Vanúsia Rodrigues Ribas, assistente de gestão de políticas públicas do Serviço Funerário Municipal de São Paulo e responsável pela capacitação dos funcionários dos cemitérios da cidade, foi um dos principais pontos focais do curso. Para ela, a iniciativa precisa ser estendida aos funcionários de outros cemitérios da cidade e incorporar cada vez mais elementos práticos do cotidiano.

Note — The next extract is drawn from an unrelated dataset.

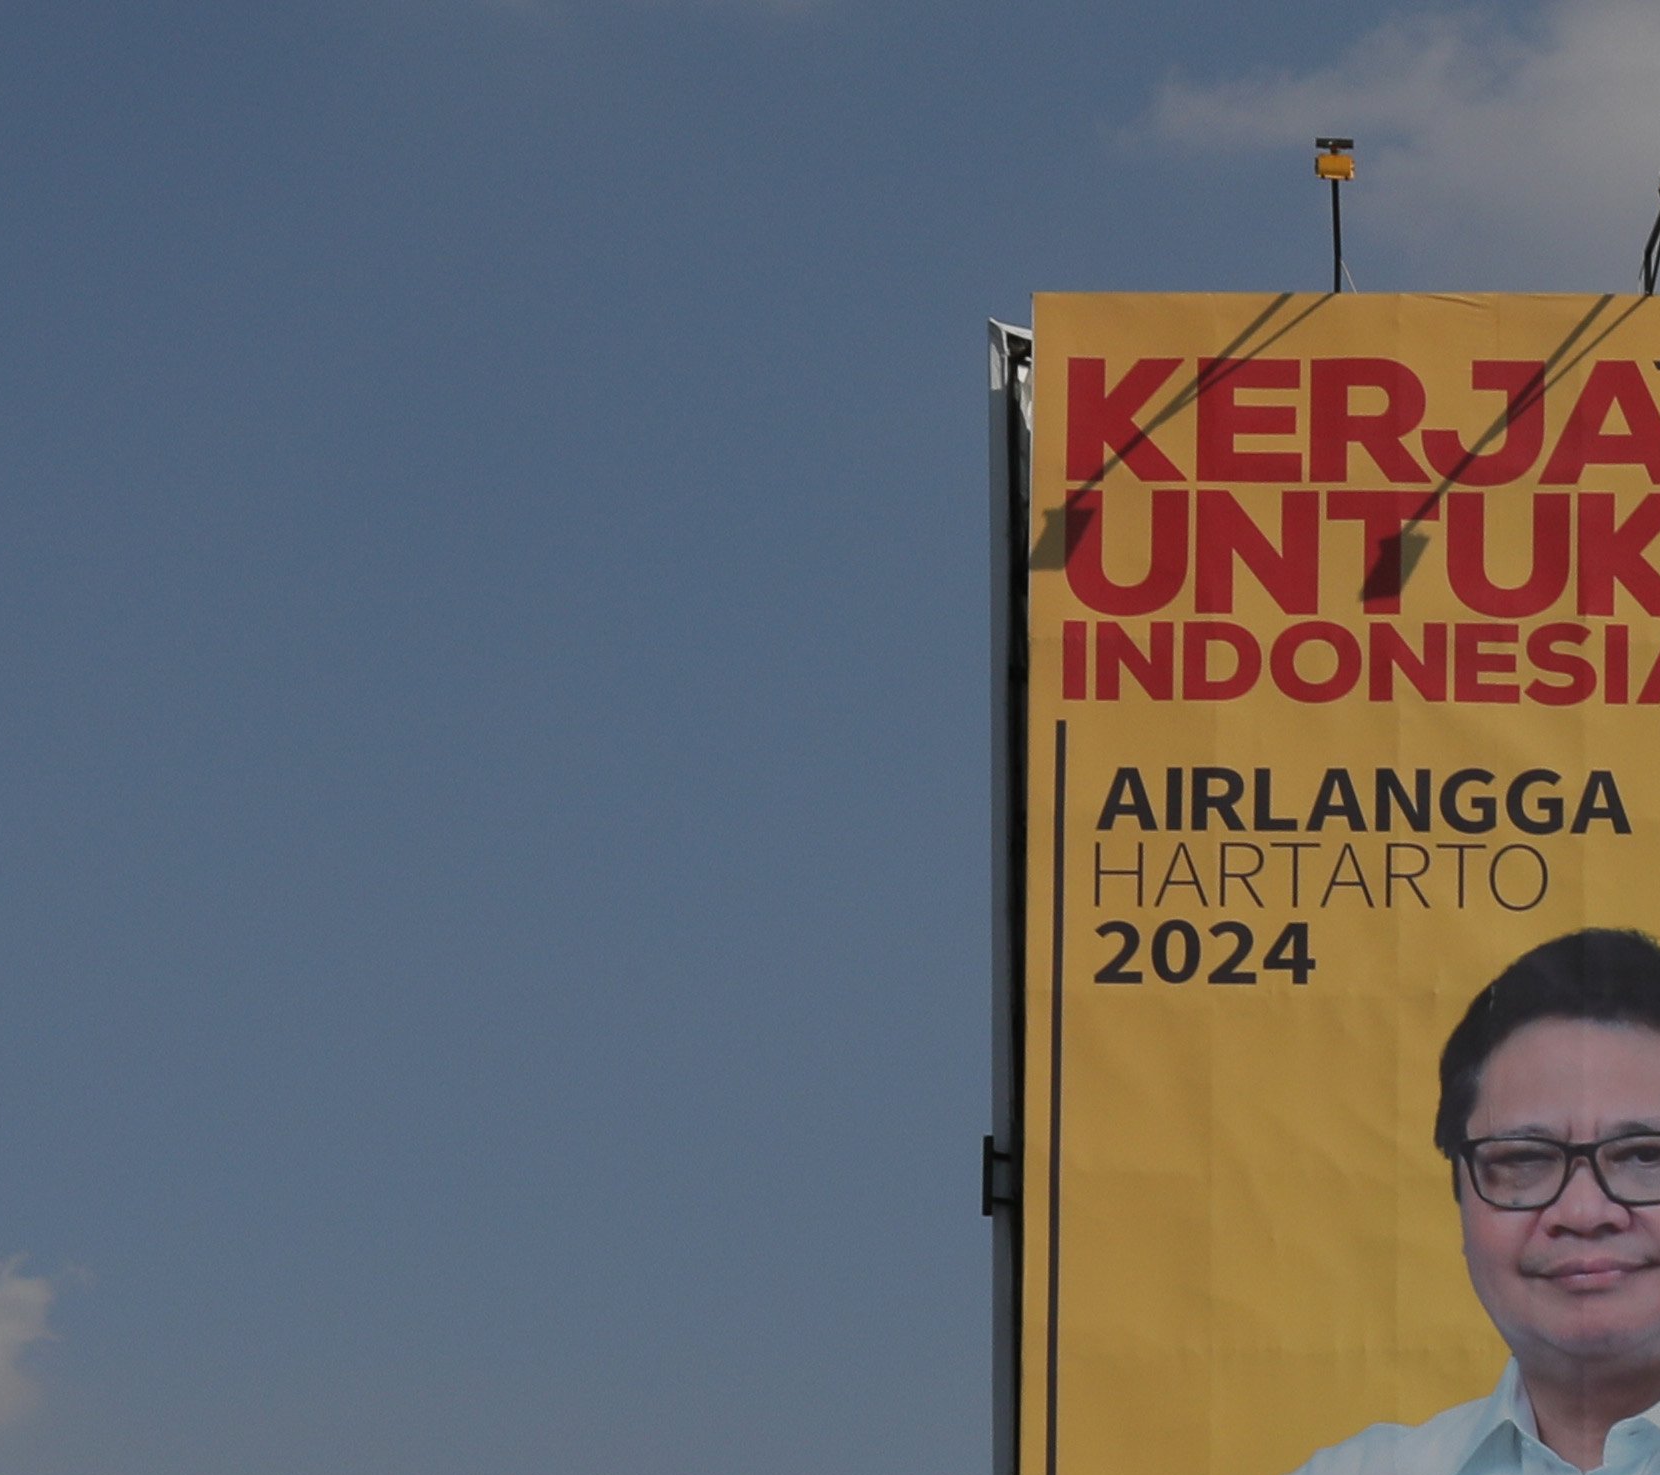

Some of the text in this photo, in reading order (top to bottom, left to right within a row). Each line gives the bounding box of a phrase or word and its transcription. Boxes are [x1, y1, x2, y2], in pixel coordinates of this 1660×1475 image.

[1096, 766, 1632, 835] AIRLANGGA
[1094, 841, 1549, 911] HARTARTO
[1094, 920, 1316, 985] 2024

VANÚSIA RIBAS, Responsável pela capacitação dos funcionários de cemitérios da cidade de São Paulo.  Foto: Bruno Radicchi/CICV

"O curso prático é importante para discutir os problemas que enfrentamos cotidianamente, mas também para que a nossa equipe retome práticas que vão se perdendo ao longo do tempo e que são essenciais para garantir o máximo de cuidado com as pessoas mortas. E também é uma forma de motivar o nosso pessoal, que se sintam prestigiados de participar de um curso oferecido por uma organização com reconhecimento internacional", explica Vanúsia.

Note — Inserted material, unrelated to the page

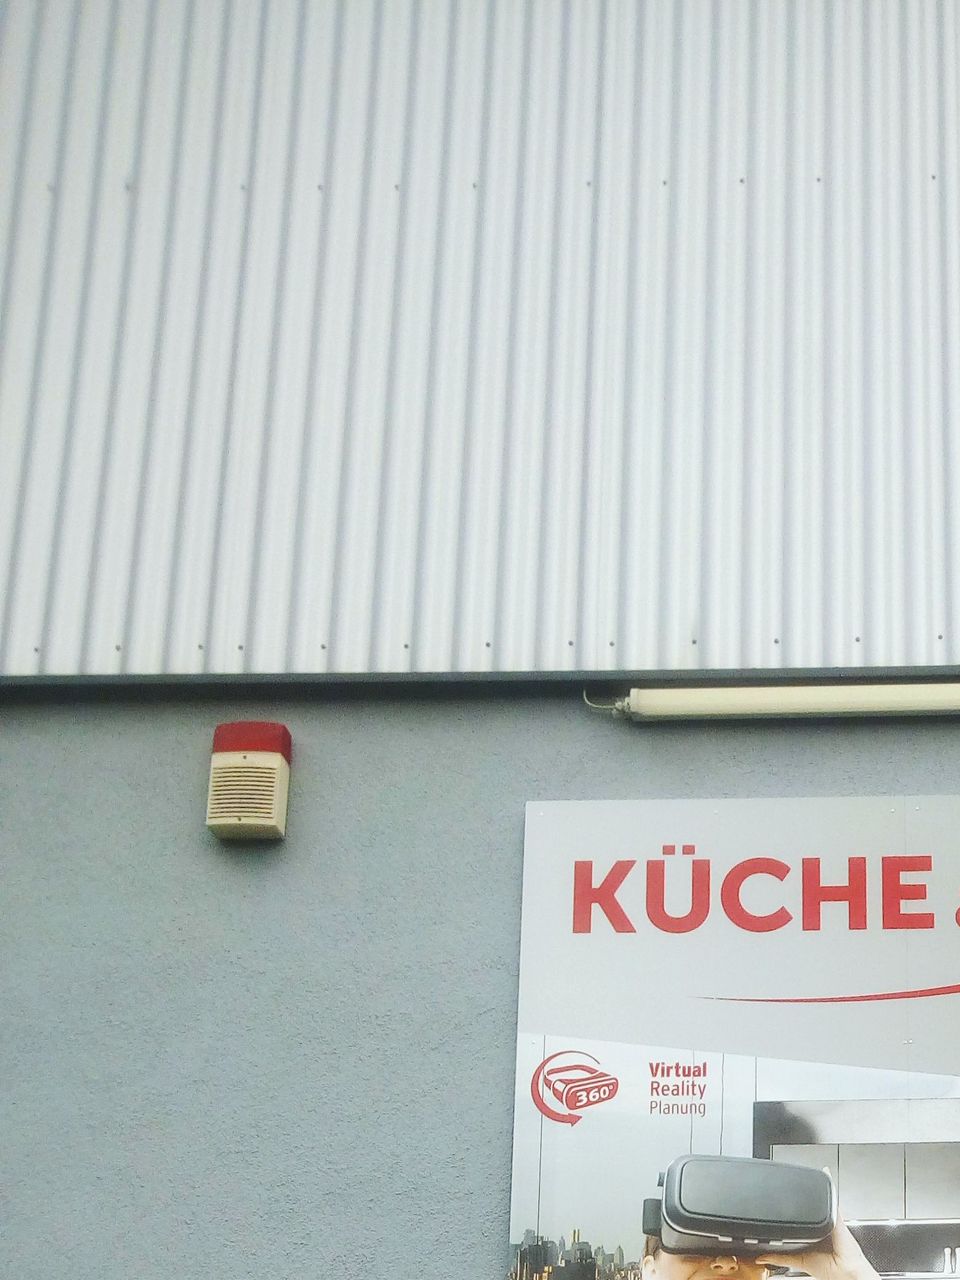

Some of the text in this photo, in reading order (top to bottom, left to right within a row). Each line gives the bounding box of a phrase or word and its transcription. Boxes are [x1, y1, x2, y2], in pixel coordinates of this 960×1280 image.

[571, 844, 936, 935] KÜCHE
[649, 1061, 707, 1077] Virtual
[650, 1080, 707, 1099] Reality
[650, 1100, 706, 1117] Planung

Segundo Andrés Patiño, um dos organizadores do curso e Coordenador Forense Regional do CICV para a Argentina, Brasil, Chile, Paraguai e Uruguai, após essa primeira iniciativa, a organização começará a trabalhar em uma série de recomendações que serão entregues ao Serviço Funerário Municipal de São Paulo, sobre como melhorar as condições de registro; biossegurança; marcação e delimitação de áreas para sepultamento de pessoas com identidade desconhecida; um sistema de informação único para todos os cemitérios; e a padronização das informações para a possível localização e identificação de corpos no futuro, caso seja requerido ou programado.

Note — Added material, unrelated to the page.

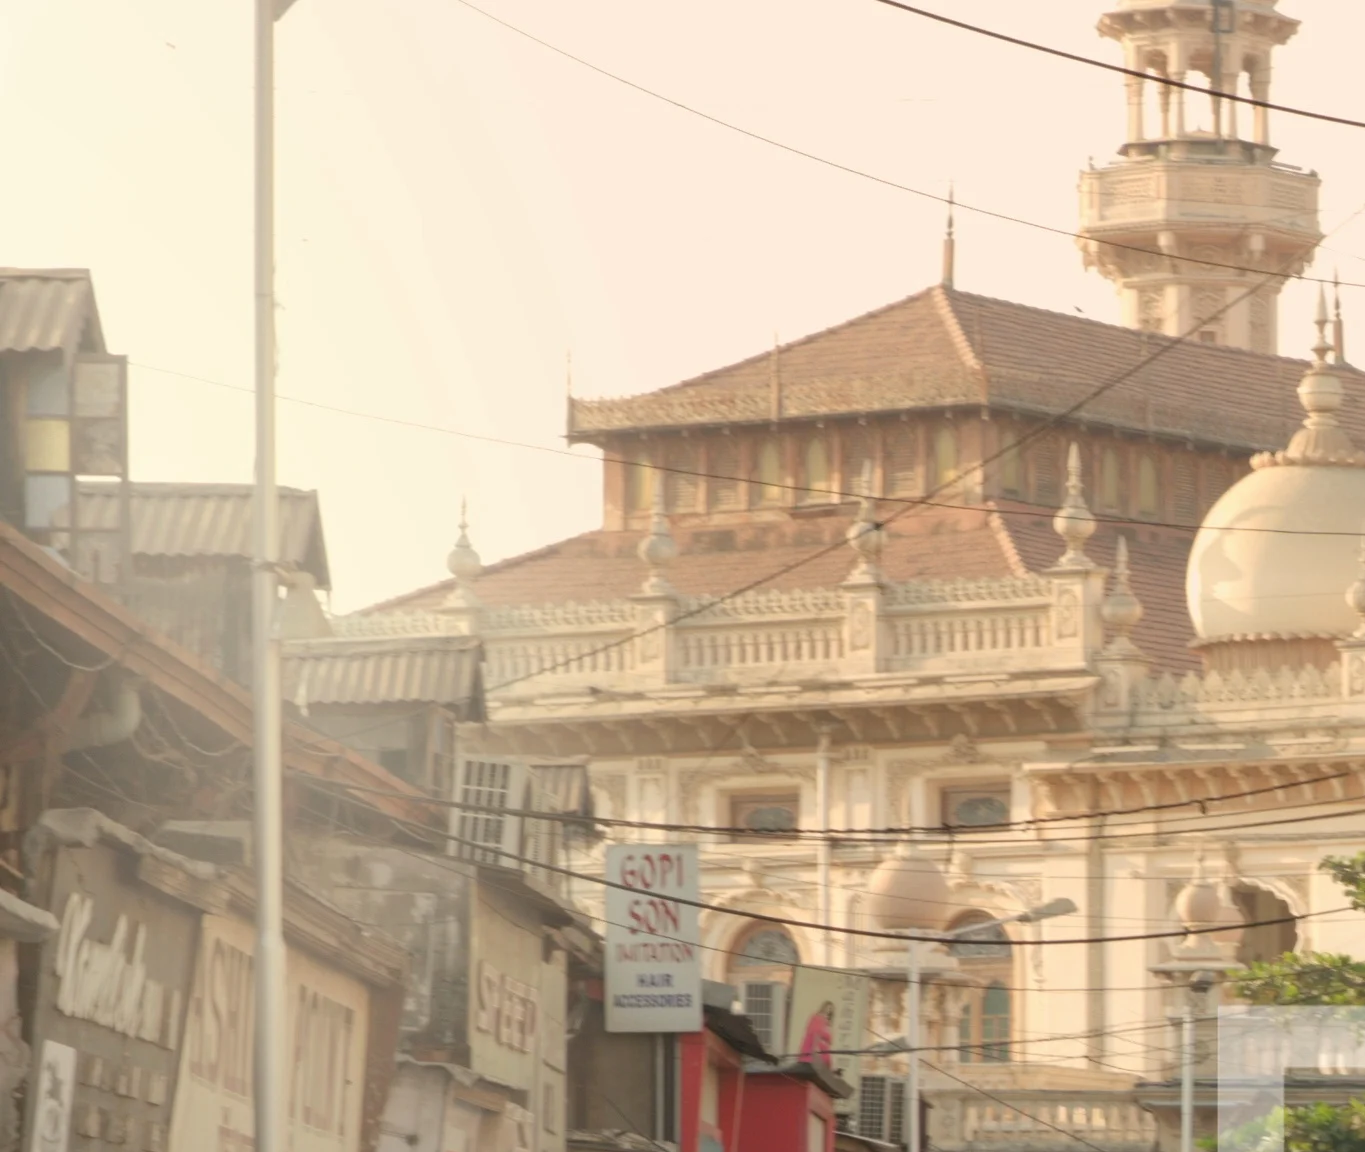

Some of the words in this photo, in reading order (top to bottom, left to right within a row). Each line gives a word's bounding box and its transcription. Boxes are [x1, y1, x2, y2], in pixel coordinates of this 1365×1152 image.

[620, 853, 685, 890] GOPI
[627, 898, 682, 935] SON
[637, 973, 673, 989] HAIR
[613, 993, 693, 1009] ACCESSORIES

No mundo todo, o CICV oferece assessoria, apoio e treinamento para as autoridades locais e os profissionais forenses na busca, recuperação, exame, identificação e tratamento de um grande número de restos mortais em diferentes estados de conservação. O CICV se concentra em fortalecer de maneira sustentável a capacidade local, já que a assistência externa nem sempre estará disponível para atividades e projetos de curto, médio e longo prazos. Também promove o uso das melhores práticas científicas e proporciona o treinamento se necessário.

Participantes

O primeiro curso sobre Gestão de Pessoas com Identidade Desconhecida nos Cemitérios, realizado em São Paulo, contou com participantes motivados e interessados em melhorar o serviço, e ter um sistema integrado de informações.